(Image-backed grounding data)
******************************
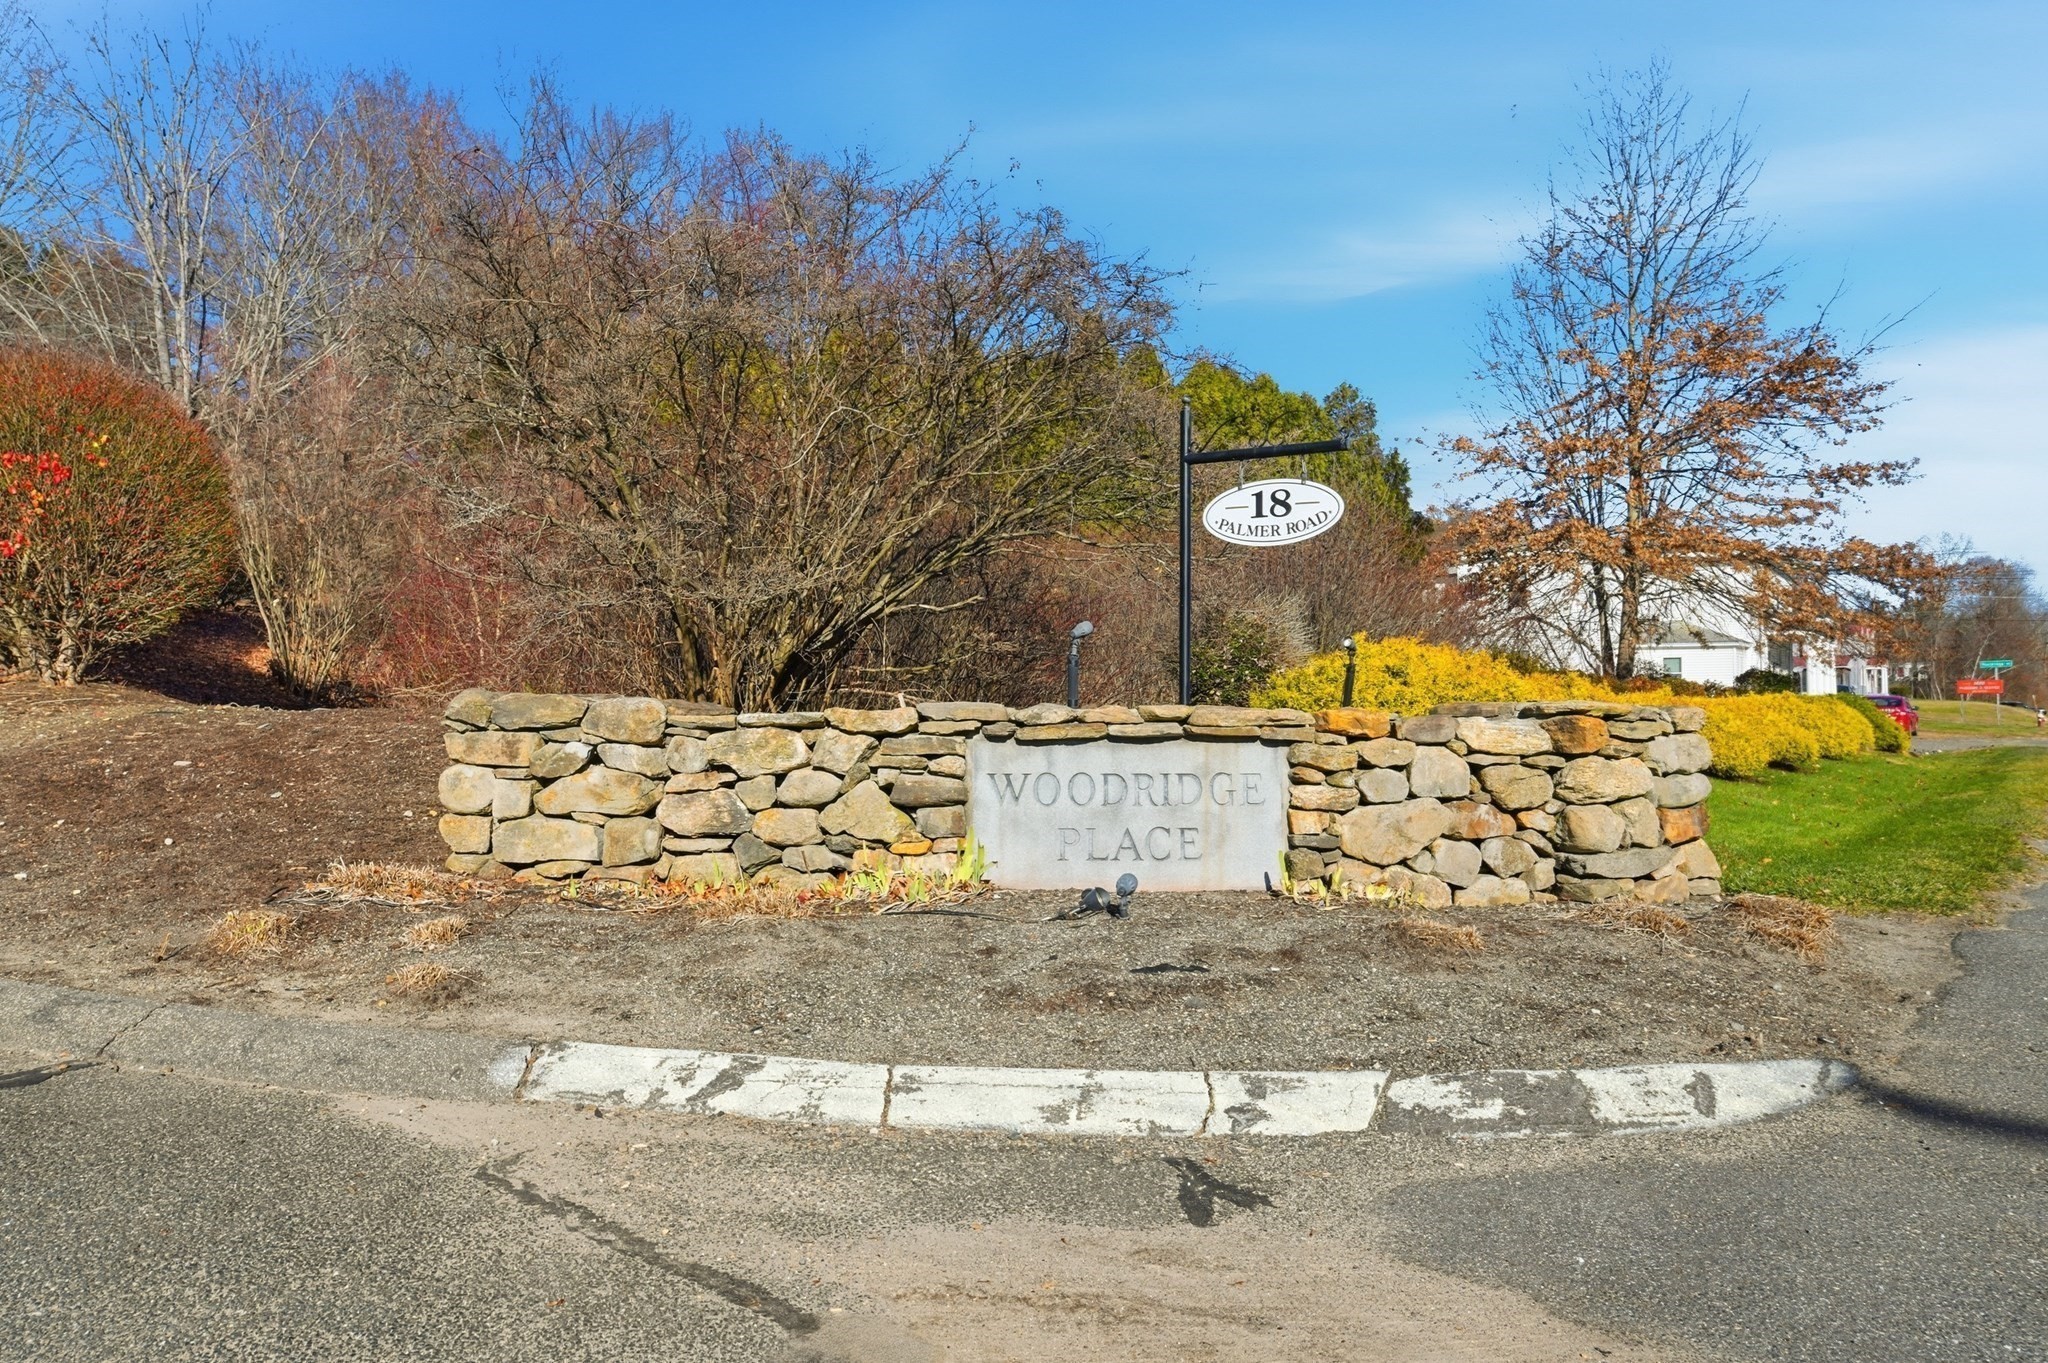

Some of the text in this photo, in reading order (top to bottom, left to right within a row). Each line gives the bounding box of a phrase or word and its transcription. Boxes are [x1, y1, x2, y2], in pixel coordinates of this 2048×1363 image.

[1250, 488, 1292, 518] 18
[1218, 510, 1328, 537] PALMER ROAD
[987, 771, 1265, 806] WOODRIDGE
[1057, 826, 1202, 861] PLACE
******************************
## THE PROBLEM
Would you return all of the data above word for word, omitting every picture?

## RESPONSE TO THIS EXERCISE
Some of the text in this photo, in reading order (top to bottom, left to right within a row). Each line gives the bounding box of a phrase or word and its transcription. Boxes are [x1, y1, x2, y2], in pixel coordinates of this 2048×1363 image.

[1250, 488, 1292, 518] 18
[1218, 510, 1328, 537] PALMER ROAD
[987, 771, 1265, 806] WOODRIDGE
[1057, 826, 1202, 861] PLACE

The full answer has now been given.